In chronic wounds, biofilms can infect host tissues for extended periods. A research group has identified the underlying mechanisms by which biofilm-induced miR-146a and miR-106b affect host skin at the wound edge tissue. Zona occludens (ZO) proteins are ubiquitous scaffolding proteins that assemble multiprotein complexes on the cytoplasmic surface of the plasma membrane, linking transmembrane proteins to the filamentous cytoskeleton. MiR-146a and miR-106b silence ZO-1 and ZO-2, impairing tight junction function and resulting in compromised skin integrity. The 3’UTR regions of ZO-1 and ZO-2 are direct targets of miR-146a, while miR-106b targets either the exon or the 5’UTR region of the mRNA to inhibit gene expression. The findings demonstrate that topical delivery of miR-146a and miR-106b inhibitors to skin impaired by biofilm-infected wounds has the potential to restore barrier function and promote effective wound closure. This study reveals that biofilms may induce host skin miRs to impair skin function. It also lays the groundwork for intervention strategies aimed at inhibiting these miRs to restore skin barrier function (53).

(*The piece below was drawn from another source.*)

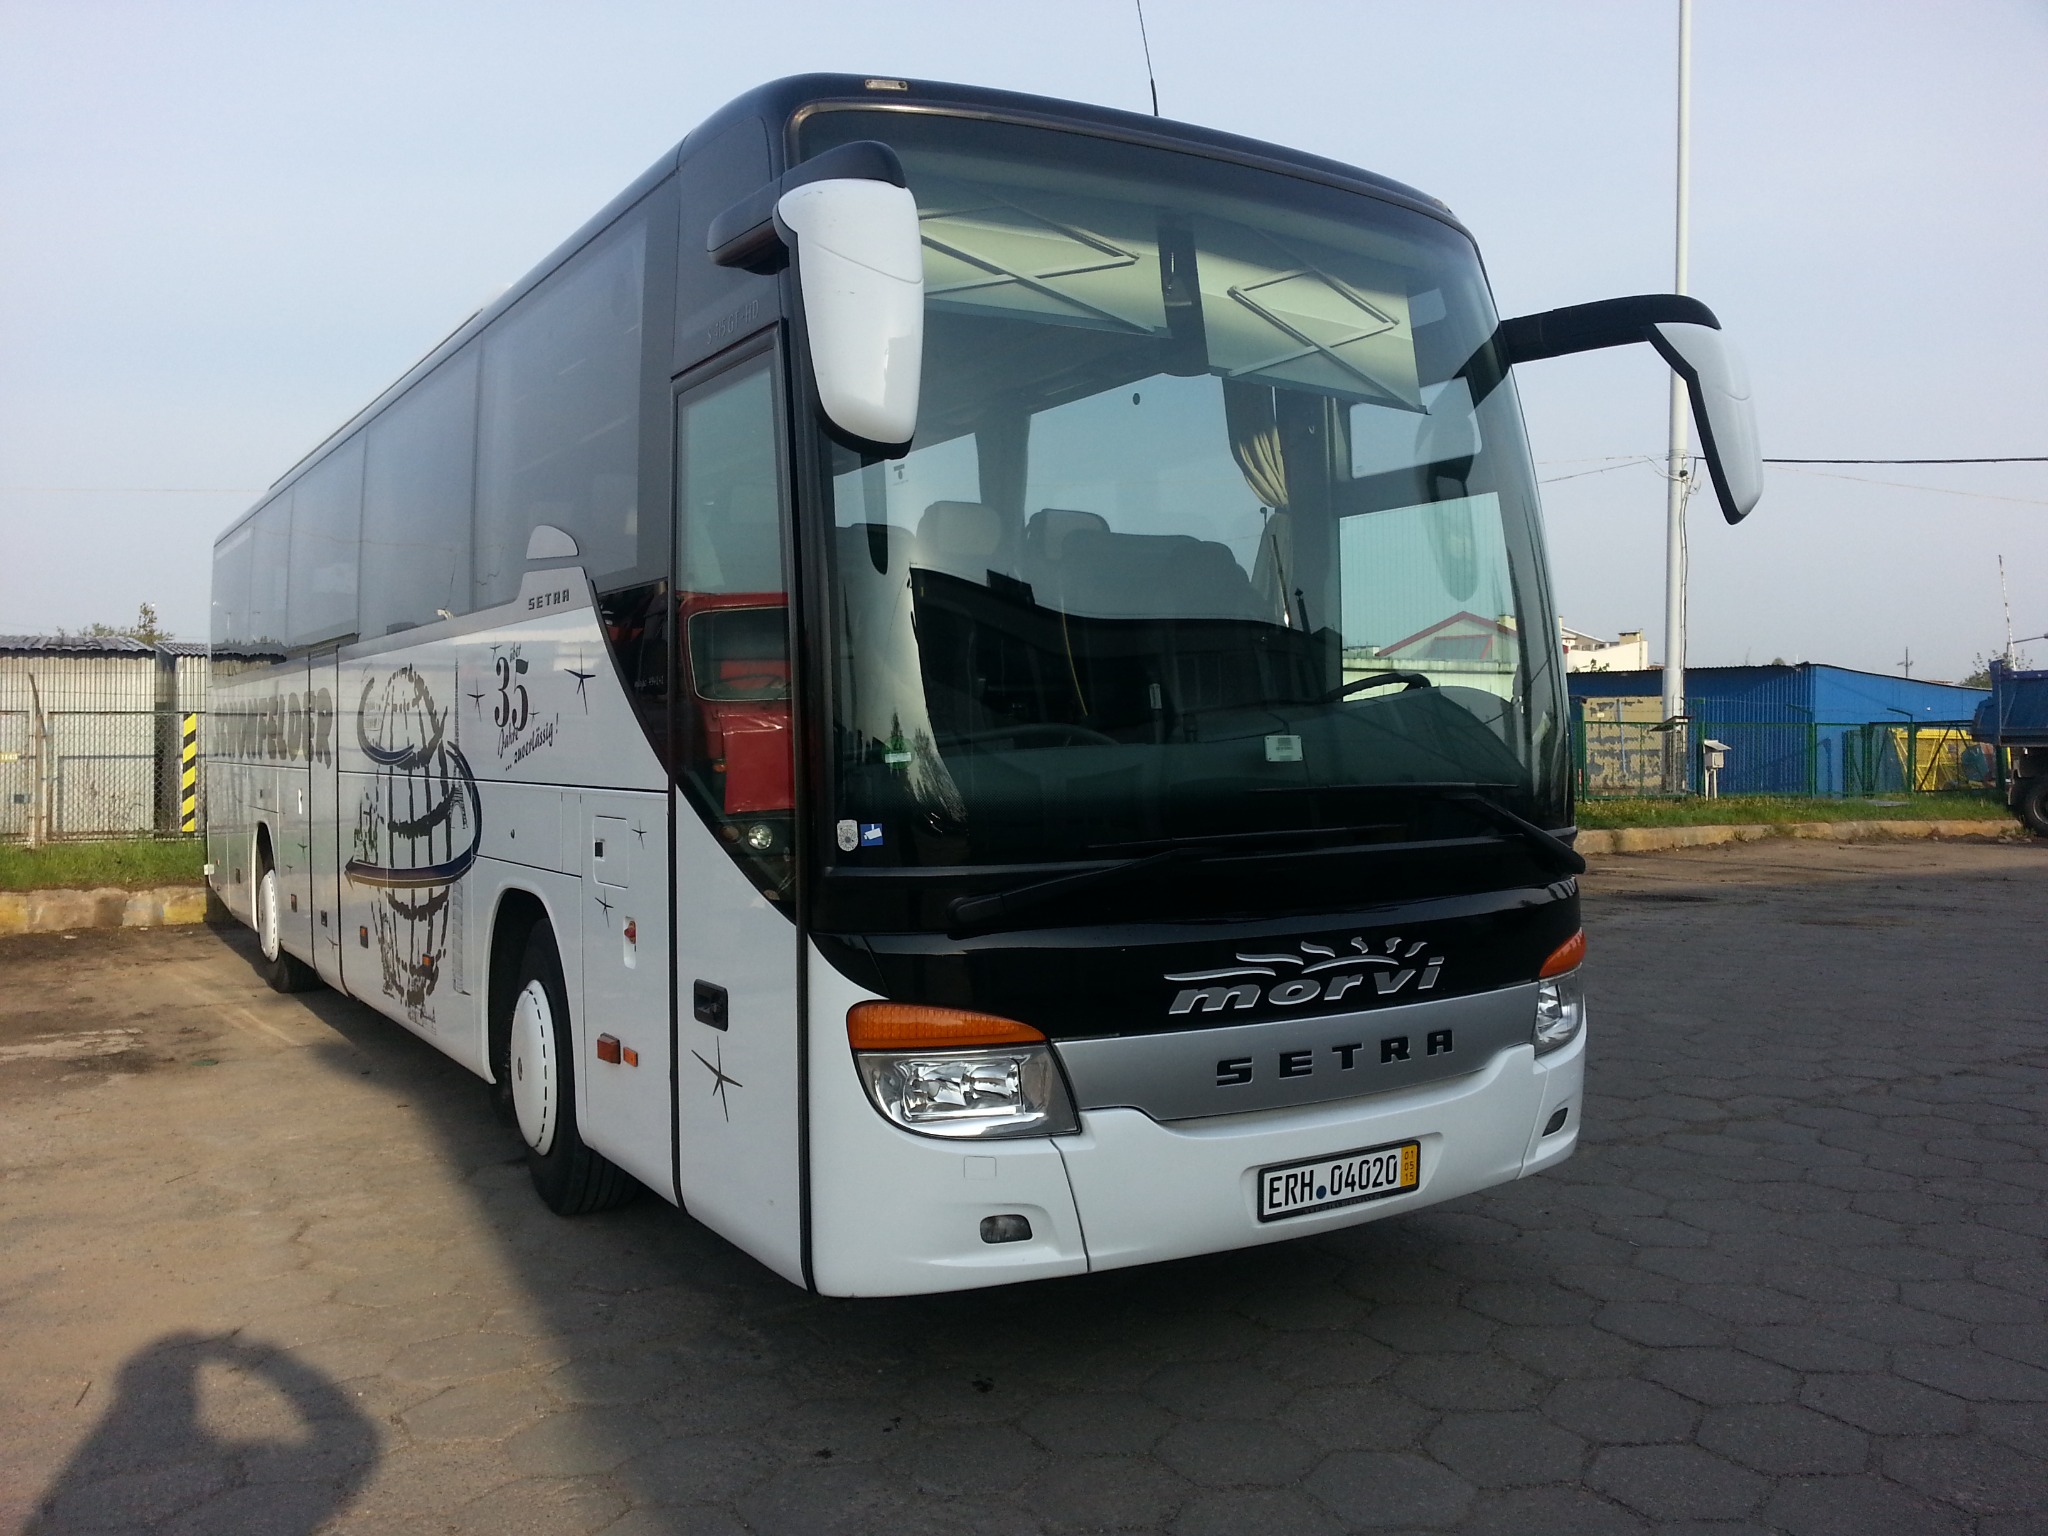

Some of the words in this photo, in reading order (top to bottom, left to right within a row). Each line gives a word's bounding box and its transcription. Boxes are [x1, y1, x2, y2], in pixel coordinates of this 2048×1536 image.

Additionally, miR-212 knockdown alleviated beneficial effects of resveratrol on keratinocyte proliferation and migration, thereby inhibiting skin wound healing (54). Similarly, circular RNA protein kinase, DNA-activated, catalytic subunit (circ_PRKDC) impeded wound healing in diabetes by regulating keratinocyte proliferation and migration, which are crucial for skin wound healing. MiR-31 was identified as a target of circ_PRKDC, and the inhibition of miR-31 reversed the promoting effect on human epidermal keratinocyte (HEKa) migration following circ_PRKDC knockdown. In addition, miR-31 overexpression accelerated HEKa migration through fibrillin-1 (FBN1), suggesting that the knockdown of circ_PRKDC may accelerate wound healing by promoting keratinocyte migration through the miR-31/FBN1 axis (55). Research has confirmed that zinc finger E-box binding homeobox 1 (ZEB1) promotes skin wound healing. Moreover, the upregulation of ZEB1 resulted in the downregulation of miR-206 due to impaired binding to the miR-206 promoter. Overexpression of miR-206 or depletion of VEGFA counteracted ZEB1-induced proliferation, migration, and angiogenesis in human dermal microvascular endothelial cells (HDMEC), thereby delaying skin wound healing. In conclusion, ZEB1 enhances angiogenesis to promote skin wound healing by inhibiting miR-206 and increasing VEGFA expression (56). One study demonstrated that miR-21-5p and miR-125b-5p derived from umbilical cord blood mesenchymal stem cells (UCB-MSC)-derived exosomes inhibited TGF-β receptor type II (TGFBR2) and TGFBR1, respectively, thereby affecting the TGF-β1 signaling pathway and hindering myofibroblast differentiation. UCB-MSC-exosomes may represent a novel strategy to prevent scarring during wound healing in clinical settings (57). These findings deepen the understanding of the pathogenesis of cutaneous wound healing and provide potential therapeutic targets for enhancing skin wound healing.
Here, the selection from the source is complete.